Interactions between the autonomic nervous system and the cardiovascular effects of ouabain in guinea-pigs.

Anaesthetized guinea-pigs were intoxicated with an intravenous infusion of ouabain. This infusion induced a marked pressor response which was reduced in bilaterally adrenalectomized or pithed animals. Ouabain produced initial bradyarrhythmias in 60% of guinea-pigs. Bilateral vagotomy or pretreatment with atropine abolished the bradyarrhythmias and sensitized the animals to the arrhythmic effects of ouabain. Pithing or beta-adrenoceptor blockade reduced the potency of ouabain for producing arrhythmias, but bilateral adrenalectomy did not give protection.
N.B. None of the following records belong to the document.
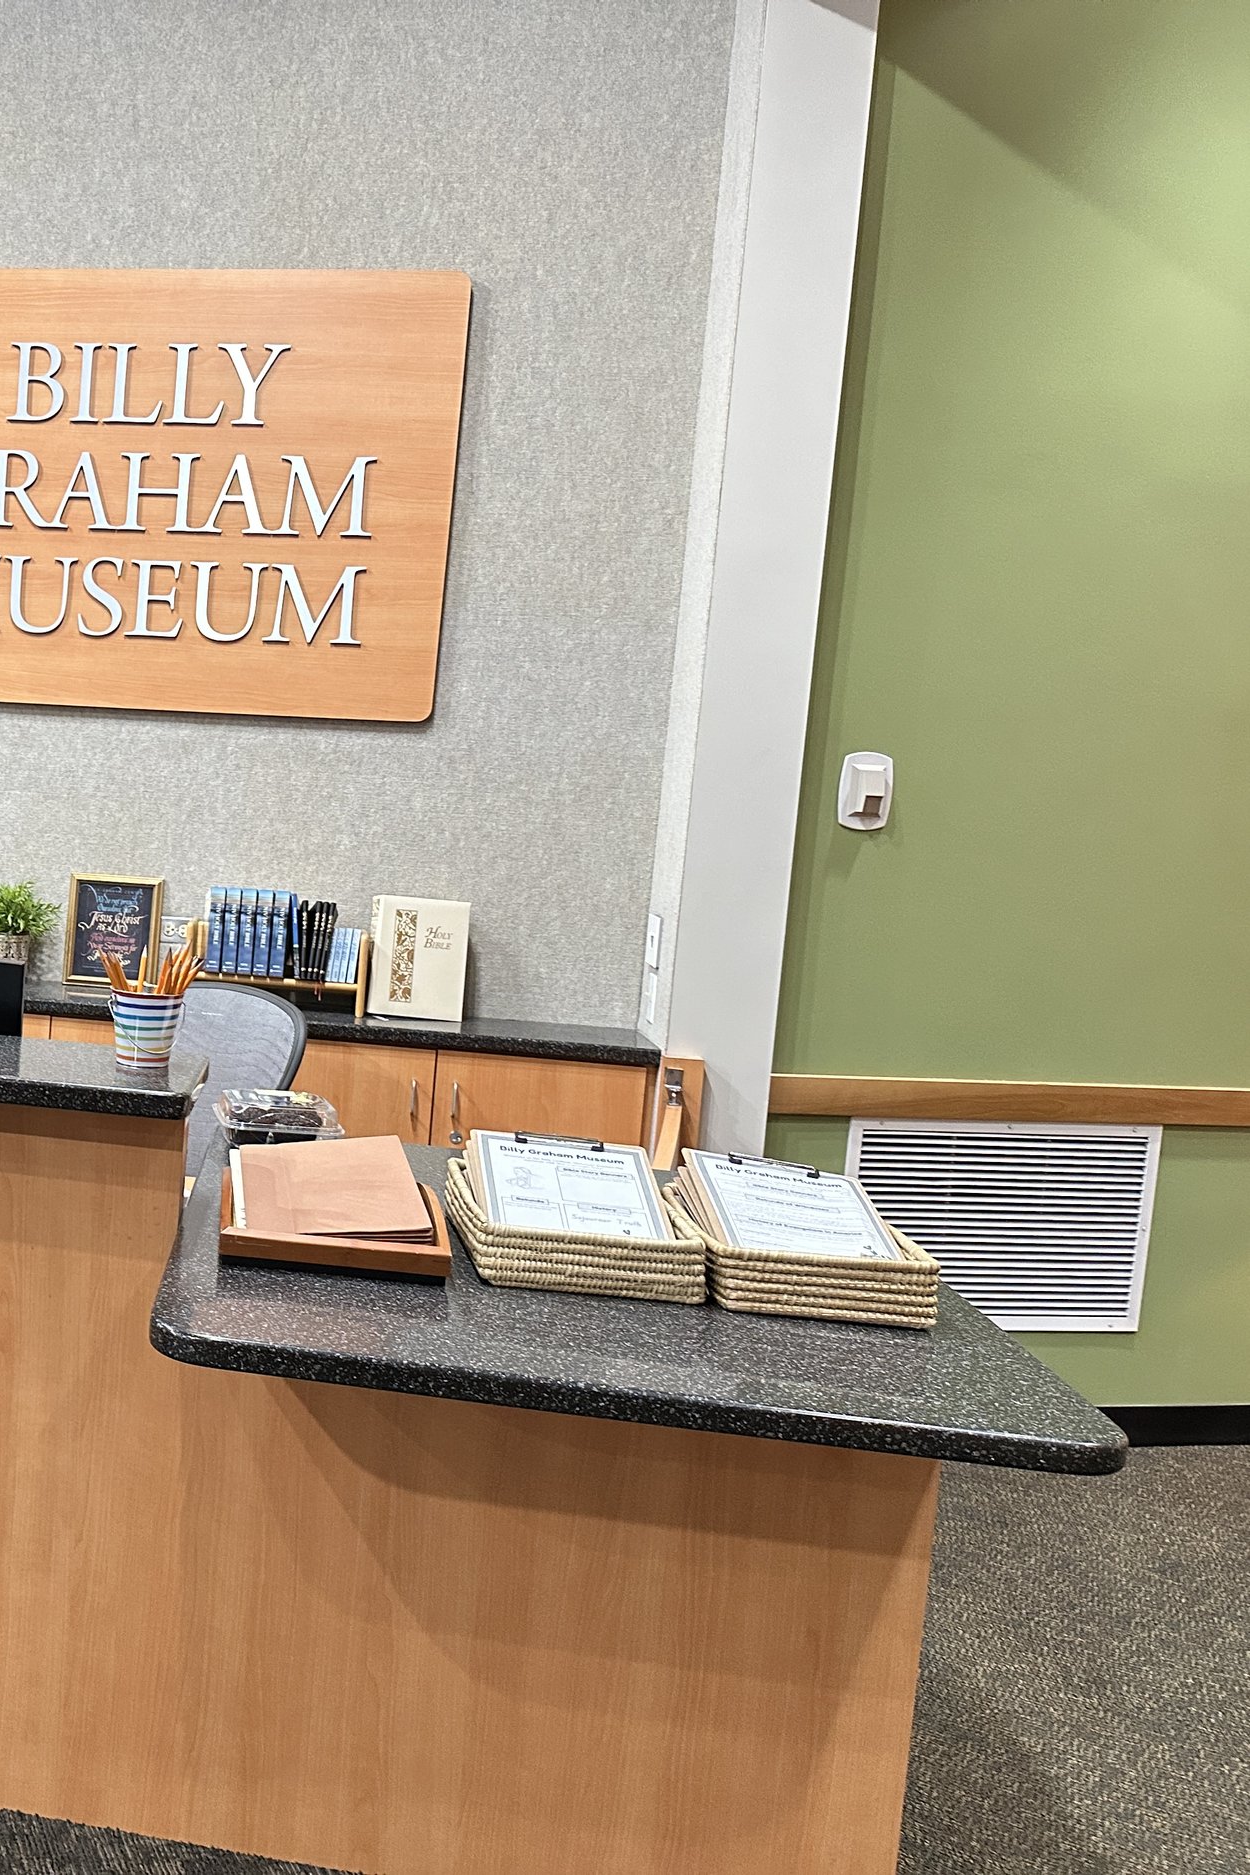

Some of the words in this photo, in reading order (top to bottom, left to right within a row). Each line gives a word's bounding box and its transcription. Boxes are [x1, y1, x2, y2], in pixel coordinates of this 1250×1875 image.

[6, 340, 292, 427] BILLY
[499, 1145, 526, 1156] Billy
[528, 1148, 574, 1160] Graham
[576, 1154, 625, 1165] Museum
[715, 1164, 741, 1174] Billy
[744, 1169, 791, 1181] Graham
[793, 1177, 843, 1188] Museum
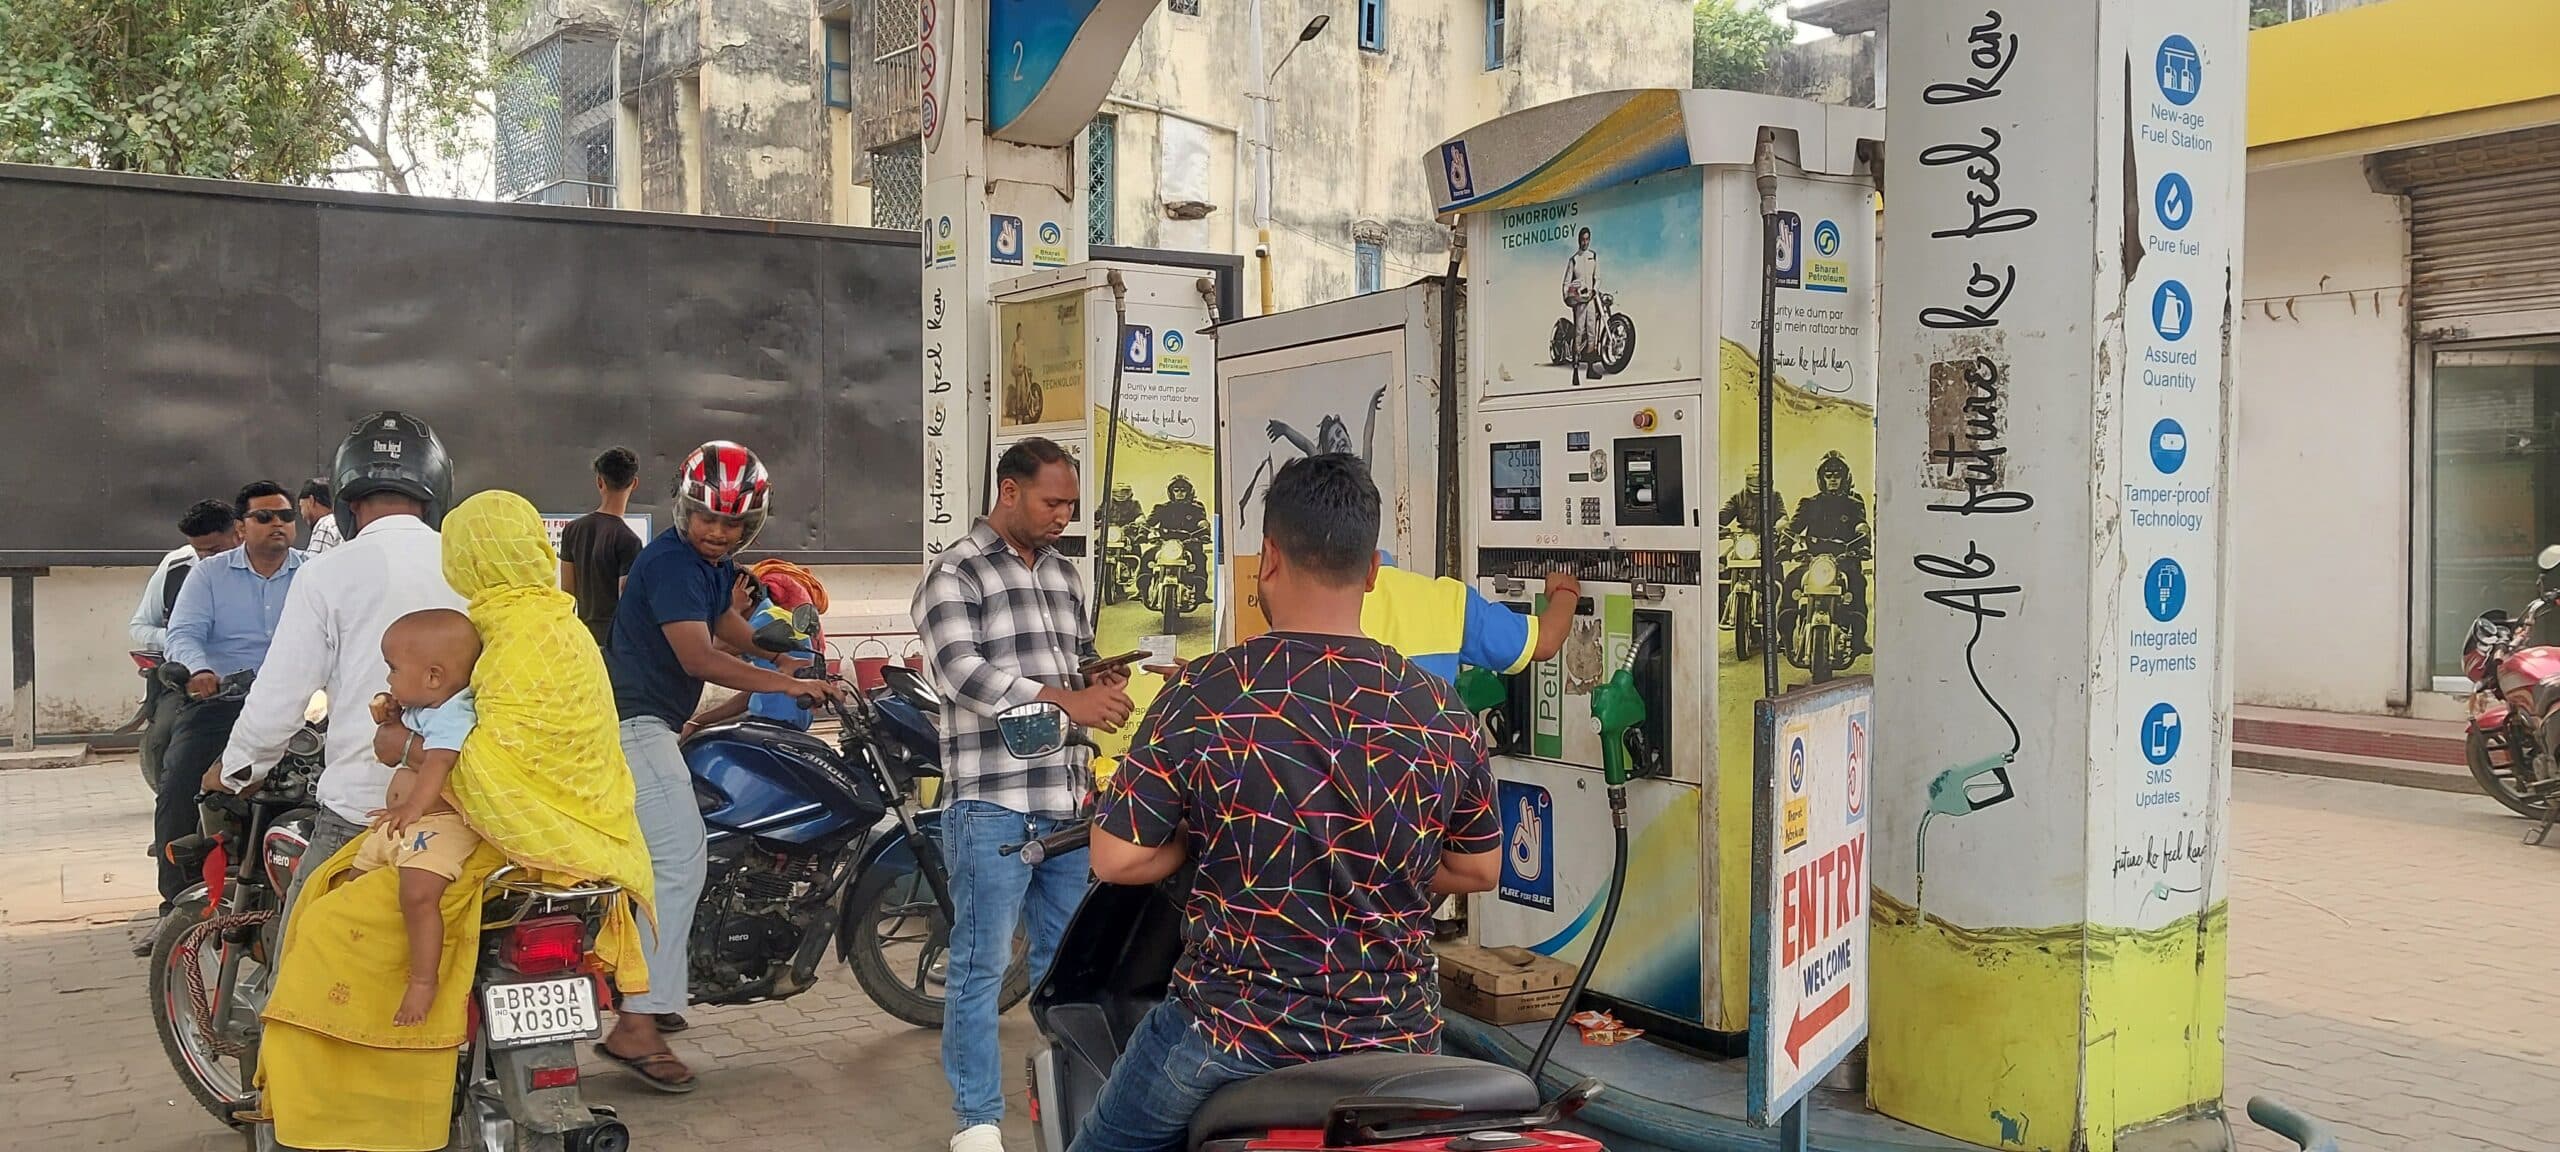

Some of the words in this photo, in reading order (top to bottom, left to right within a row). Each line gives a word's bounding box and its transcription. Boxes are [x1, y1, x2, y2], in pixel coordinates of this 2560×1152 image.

[1012, 41, 1024, 81] 2
[2151, 103, 2205, 129] New-age
[2141, 124, 2168, 144] Fuel
[2171, 130, 2213, 152] Station
[1919, 126, 2037, 238] feel
[1502, 202, 1579, 230] TOMORROW'S
[1501, 223, 1578, 250] TECHNOLOGY
[2149, 235, 2176, 254] Pure
[2179, 239, 2200, 256] fuel
[1808, 271, 1845, 283] Petroleum
[1814, 263, 1839, 274] Bharat
[1919, 262, 2015, 329] ko
[1775, 305, 1793, 318] urity
[1795, 306, 1805, 317] ke
[1807, 307, 1828, 319] dum
[1829, 310, 1844, 321] par
[1785, 321, 1807, 332] mein
[1809, 322, 1838, 335] raftaar
[1840, 325, 1860, 336] bhar
[2145, 345, 2197, 365] Assured
[926, 342, 951, 394] feel
[1127, 383, 1147, 393] Purity
[1158, 385, 1175, 393] dum
[2143, 369, 2196, 392] Quantity
[1120, 392, 1139, 401] ndagi
[927, 407, 946, 437] ko
[1926, 355, 2034, 516] future
[929, 449, 952, 524] future
[2124, 484, 2210, 506] Tamper-proof
[2130, 508, 2203, 531] Technology
[1913, 540, 2021, 618] Ab
[2130, 628, 2197, 650] Integrated
[2130, 655, 2196, 676] Payments
[2146, 769, 2172, 785] SMS
[2135, 792, 2181, 807] Updates
[273, 853, 289, 868] Hero
[2162, 830, 2183, 874] feel
[1500, 885, 1520, 899] PURE
[1532, 893, 1552, 906] SURE
[1783, 832, 1865, 969] ENTRY
[728, 934, 749, 942] Hero
[1803, 937, 1851, 998] WELCOME
[507, 982, 578, 1010] BR39A
[510, 1007, 583, 1033] X0305
Preferential alpha 2-adrenoceptor stimulation with clonidine (10-300 micrograms . kg-1 i.v.) also reduced the arrhythmogenic effects of ouabain, whereas no protection was found with St 91, a clonidine related compound which does not cross the blood-brain barrier. The effect of clonidine was antagonized by piperoxan. Preferential alpha 2-adrenoceptor blockade with piperoxan (6 mg . kg-1 i.v.) did not change the pressor response to ouabain, but sensitized the animals to the arrhythmogenic effects of ouabain. In contrast, the preferential alpha 1-antagonistic agent AR-C 239 (0.3 mg . kg-1 i.v.) abolished the pressor response to ouabain and in addition increased the dose of ouabain required to produced ventricular premature beats and ventricular fibrillation. These experiments indicate: (i) that ouabain produces in guinea-pigs a pressor response which seems to be due to catecholamine release from the adrenal medulla probably by an action on the central nervous system; (ii) that the ventricular arrhythmias induced by ouabain are due in part to stimulation of the central nervous system leading to an increase in beta-adrenoceptor activity; (iii) that central alpha-adrenoceptors appear to be involved in the arrhythmogenic effects of ouabain, as clonidine reduced these effects. On the other hand piperoxan, a preferential alpha 2-adrenoceptor antagonist did not change the pressor response to ouabain and increased the arrhythmogenic effects whereas AR-C 239 had opposite effects.